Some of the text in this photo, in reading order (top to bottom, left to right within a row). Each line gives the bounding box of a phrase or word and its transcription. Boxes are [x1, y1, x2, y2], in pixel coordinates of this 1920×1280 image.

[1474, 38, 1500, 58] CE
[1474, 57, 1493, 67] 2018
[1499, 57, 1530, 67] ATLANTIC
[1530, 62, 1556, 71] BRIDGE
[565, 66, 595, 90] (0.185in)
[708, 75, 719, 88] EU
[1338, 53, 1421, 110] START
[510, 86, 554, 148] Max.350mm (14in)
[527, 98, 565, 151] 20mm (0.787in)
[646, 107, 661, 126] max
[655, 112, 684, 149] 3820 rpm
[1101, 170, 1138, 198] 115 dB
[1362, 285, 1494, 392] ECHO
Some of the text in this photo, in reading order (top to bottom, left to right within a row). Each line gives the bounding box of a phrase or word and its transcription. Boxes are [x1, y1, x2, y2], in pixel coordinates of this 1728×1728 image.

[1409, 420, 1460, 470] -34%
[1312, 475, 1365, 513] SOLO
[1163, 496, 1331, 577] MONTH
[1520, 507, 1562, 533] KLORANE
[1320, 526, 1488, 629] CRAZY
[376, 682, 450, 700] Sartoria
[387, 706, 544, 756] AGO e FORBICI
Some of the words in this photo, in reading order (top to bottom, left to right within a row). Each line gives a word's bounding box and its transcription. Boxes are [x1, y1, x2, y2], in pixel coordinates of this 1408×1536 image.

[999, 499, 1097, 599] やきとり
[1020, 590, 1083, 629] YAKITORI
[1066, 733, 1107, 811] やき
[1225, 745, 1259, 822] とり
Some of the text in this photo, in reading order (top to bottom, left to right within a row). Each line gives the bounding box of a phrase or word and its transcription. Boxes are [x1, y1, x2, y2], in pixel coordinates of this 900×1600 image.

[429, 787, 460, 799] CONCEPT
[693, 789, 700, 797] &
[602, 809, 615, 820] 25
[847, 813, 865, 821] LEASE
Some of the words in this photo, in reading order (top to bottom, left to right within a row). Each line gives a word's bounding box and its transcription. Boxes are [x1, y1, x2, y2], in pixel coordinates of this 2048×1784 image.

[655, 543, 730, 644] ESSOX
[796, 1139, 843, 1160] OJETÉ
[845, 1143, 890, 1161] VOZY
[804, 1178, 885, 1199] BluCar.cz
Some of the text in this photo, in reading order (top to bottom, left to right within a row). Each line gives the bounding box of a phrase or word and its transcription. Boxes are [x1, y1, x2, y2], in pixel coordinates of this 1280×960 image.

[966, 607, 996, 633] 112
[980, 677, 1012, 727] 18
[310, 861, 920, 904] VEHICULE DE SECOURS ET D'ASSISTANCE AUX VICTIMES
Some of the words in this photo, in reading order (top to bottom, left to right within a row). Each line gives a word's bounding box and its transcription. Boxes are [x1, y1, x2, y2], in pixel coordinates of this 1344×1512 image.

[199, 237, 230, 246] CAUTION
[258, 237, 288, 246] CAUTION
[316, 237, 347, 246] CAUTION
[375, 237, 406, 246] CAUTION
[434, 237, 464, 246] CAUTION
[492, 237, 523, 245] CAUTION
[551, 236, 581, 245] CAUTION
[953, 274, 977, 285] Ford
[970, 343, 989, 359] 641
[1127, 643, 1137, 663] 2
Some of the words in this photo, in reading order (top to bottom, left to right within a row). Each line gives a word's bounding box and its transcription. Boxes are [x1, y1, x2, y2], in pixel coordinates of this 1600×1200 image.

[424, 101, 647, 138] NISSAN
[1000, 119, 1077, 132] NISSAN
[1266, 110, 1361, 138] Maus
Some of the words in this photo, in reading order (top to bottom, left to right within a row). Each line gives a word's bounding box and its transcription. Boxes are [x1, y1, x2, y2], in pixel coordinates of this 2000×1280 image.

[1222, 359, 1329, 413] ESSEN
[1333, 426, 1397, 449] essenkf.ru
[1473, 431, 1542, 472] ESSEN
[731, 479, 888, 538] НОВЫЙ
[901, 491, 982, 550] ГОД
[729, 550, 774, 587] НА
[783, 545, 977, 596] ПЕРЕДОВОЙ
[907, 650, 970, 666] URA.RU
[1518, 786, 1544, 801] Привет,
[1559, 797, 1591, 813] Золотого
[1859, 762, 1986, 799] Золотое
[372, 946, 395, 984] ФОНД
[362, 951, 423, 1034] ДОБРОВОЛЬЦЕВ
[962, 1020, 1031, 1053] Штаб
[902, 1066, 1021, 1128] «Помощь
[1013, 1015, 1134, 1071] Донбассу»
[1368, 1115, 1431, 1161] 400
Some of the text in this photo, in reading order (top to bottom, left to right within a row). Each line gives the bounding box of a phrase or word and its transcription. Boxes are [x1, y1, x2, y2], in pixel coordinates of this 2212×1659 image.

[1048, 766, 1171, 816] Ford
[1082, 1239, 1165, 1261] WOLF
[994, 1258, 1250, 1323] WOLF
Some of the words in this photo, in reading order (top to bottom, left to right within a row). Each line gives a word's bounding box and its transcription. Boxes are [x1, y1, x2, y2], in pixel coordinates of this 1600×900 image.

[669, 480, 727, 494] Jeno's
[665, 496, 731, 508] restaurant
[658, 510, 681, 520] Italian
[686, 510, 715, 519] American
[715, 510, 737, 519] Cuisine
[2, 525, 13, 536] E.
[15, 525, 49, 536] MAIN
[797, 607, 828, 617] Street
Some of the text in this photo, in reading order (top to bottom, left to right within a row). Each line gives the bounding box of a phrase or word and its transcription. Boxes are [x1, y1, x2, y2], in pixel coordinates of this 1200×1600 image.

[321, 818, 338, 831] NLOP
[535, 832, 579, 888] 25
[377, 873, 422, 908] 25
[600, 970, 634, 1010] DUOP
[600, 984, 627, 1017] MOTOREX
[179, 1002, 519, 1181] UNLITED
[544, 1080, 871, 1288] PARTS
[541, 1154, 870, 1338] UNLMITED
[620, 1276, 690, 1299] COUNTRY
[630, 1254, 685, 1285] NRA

◆ Work request ◆
For each line shown above, write an exact copy.

◆ Result of the exercise ◆
Some of the text in this photo, in reading order (top to bottom, left to right within a row). Each line gives the bounding box of a phrase or word and its transcription. Boxes are [x1, y1, x2, y2], in pixel coordinates of this 1920×1280 image.

[1474, 38, 1500, 58] CE
[1474, 57, 1493, 67] 2018
[1499, 57, 1530, 67] ATLANTIC
[1530, 62, 1556, 71] BRIDGE
[565, 66, 595, 90] (0.185in)
[708, 75, 719, 88] EU
[1338, 53, 1421, 110] START
[510, 86, 554, 148] Max.350mm (14in)
[527, 98, 565, 151] 20mm (0.787in)
[646, 107, 661, 126] max
[655, 112, 684, 149] 3820 rpm
[1101, 170, 1138, 198] 115 dB
[1362, 285, 1494, 392] ECHO
Some of the text in this photo, in reading order (top to bottom, left to right within a row). Each line gives the bounding box of a phrase or word and its transcription. Boxes are [x1, y1, x2, y2], in pixel coordinates of this 1728×1728 image.

[1409, 420, 1460, 470] -34%
[1312, 475, 1365, 513] SOLO
[1163, 496, 1331, 577] MONTH
[1520, 507, 1562, 533] KLORANE
[1320, 526, 1488, 629] CRAZY
[376, 682, 450, 700] Sartoria
[387, 706, 544, 756] AGO e FORBICI
Some of the words in this photo, in reading order (top to bottom, left to right within a row). Each line gives a word's bounding box and its transcription. Boxes are [x1, y1, x2, y2], in pixel coordinates of this 1408×1536 image.

[999, 499, 1097, 599] やきとり
[1020, 590, 1083, 629] YAKITORI
[1066, 733, 1107, 811] やき
[1225, 745, 1259, 822] とり
Some of the text in this photo, in reading order (top to bottom, left to right within a row). Each line gives the bounding box of a phrase or word and its transcription. Boxes are [x1, y1, x2, y2], in pixel coordinates of this 900×1600 image.

[429, 787, 460, 799] CONCEPT
[693, 789, 700, 797] &
[602, 809, 615, 820] 25
[847, 813, 865, 821] LEASE
Some of the words in this photo, in reading order (top to bottom, left to right within a row). Each line gives a word's bounding box and its transcription. Boxes are [x1, y1, x2, y2], in pixel coordinates of this 2048×1784 image.

[655, 543, 730, 644] ESSOX
[796, 1139, 843, 1160] OJETÉ
[845, 1143, 890, 1161] VOZY
[804, 1178, 885, 1199] BluCar.cz
Some of the text in this photo, in reading order (top to bottom, left to right within a row). Each line gives the bounding box of a phrase or word and its transcription. Boxes are [x1, y1, x2, y2], in pixel coordinates of this 1280×960 image.

[966, 607, 996, 633] 112
[980, 677, 1012, 727] 18
[310, 861, 920, 904] VEHICULE DE SECOURS ET D'ASSISTANCE AUX VICTIMES
Some of the words in this photo, in reading order (top to bottom, left to right within a row). Each line gives a word's bounding box and its transcription. Boxes are [x1, y1, x2, y2], in pixel coordinates of this 1344×1512 image.

[199, 237, 230, 246] CAUTION
[258, 237, 288, 246] CAUTION
[316, 237, 347, 246] CAUTION
[375, 237, 406, 246] CAUTION
[434, 237, 464, 246] CAUTION
[492, 237, 523, 245] CAUTION
[551, 236, 581, 245] CAUTION
[953, 274, 977, 285] Ford
[970, 343, 989, 359] 641
[1127, 643, 1137, 663] 2
Some of the words in this photo, in reading order (top to bottom, left to right within a row). Each line gives a word's bounding box and its transcription. Boxes are [x1, y1, x2, y2], in pixel coordinates of this 1600×1200 image.

[424, 101, 647, 138] NISSAN
[1000, 119, 1077, 132] NISSAN
[1266, 110, 1361, 138] Maus
Some of the words in this photo, in reading order (top to bottom, left to right within a row). Each line gives a word's bounding box and its transcription. Boxes are [x1, y1, x2, y2], in pixel coordinates of this 2000×1280 image.

[1222, 359, 1329, 413] ESSEN
[1333, 426, 1397, 449] essenkf.ru
[1473, 431, 1542, 472] ESSEN
[731, 479, 888, 538] НОВЫЙ
[901, 491, 982, 550] ГОД
[729, 550, 774, 587] НА
[783, 545, 977, 596] ПЕРЕДОВОЙ
[907, 650, 970, 666] URA.RU
[1518, 786, 1544, 801] Привет,
[1559, 797, 1591, 813] Золотого
[1859, 762, 1986, 799] Золотое
[372, 946, 395, 984] ФОНД
[362, 951, 423, 1034] ДОБРОВОЛЬЦЕВ
[962, 1020, 1031, 1053] Штаб
[902, 1066, 1021, 1128] «Помощь
[1013, 1015, 1134, 1071] Донбассу»
[1368, 1115, 1431, 1161] 400
Some of the text in this photo, in reading order (top to bottom, left to right within a row). Each line gives the bounding box of a phrase or word and its transcription. Boxes are [x1, y1, x2, y2], in pixel coordinates of this 2212×1659 image.

[1048, 766, 1171, 816] Ford
[1082, 1239, 1165, 1261] WOLF
[994, 1258, 1250, 1323] WOLF
Some of the words in this photo, in reading order (top to bottom, left to right within a row). Each line gives a word's bounding box and its transcription. Boxes are [x1, y1, x2, y2], in pixel coordinates of this 1600×900 image.

[669, 480, 727, 494] Jeno's
[665, 496, 731, 508] restaurant
[658, 510, 681, 520] Italian
[686, 510, 715, 519] American
[715, 510, 737, 519] Cuisine
[2, 525, 13, 536] E.
[15, 525, 49, 536] MAIN
[797, 607, 828, 617] Street
Some of the text in this photo, in reading order (top to bottom, left to right within a row). Each line gives the bounding box of a phrase or word and its transcription. Boxes are [x1, y1, x2, y2], in pixel coordinates of this 1200×1600 image.

[321, 818, 338, 831] NLOP
[535, 832, 579, 888] 25
[377, 873, 422, 908] 25
[600, 970, 634, 1010] DUOP
[600, 984, 627, 1017] MOTOREX
[179, 1002, 519, 1181] UNLITED
[544, 1080, 871, 1288] PARTS
[541, 1154, 870, 1338] UNLMITED
[620, 1276, 690, 1299] COUNTRY
[630, 1254, 685, 1285] NRA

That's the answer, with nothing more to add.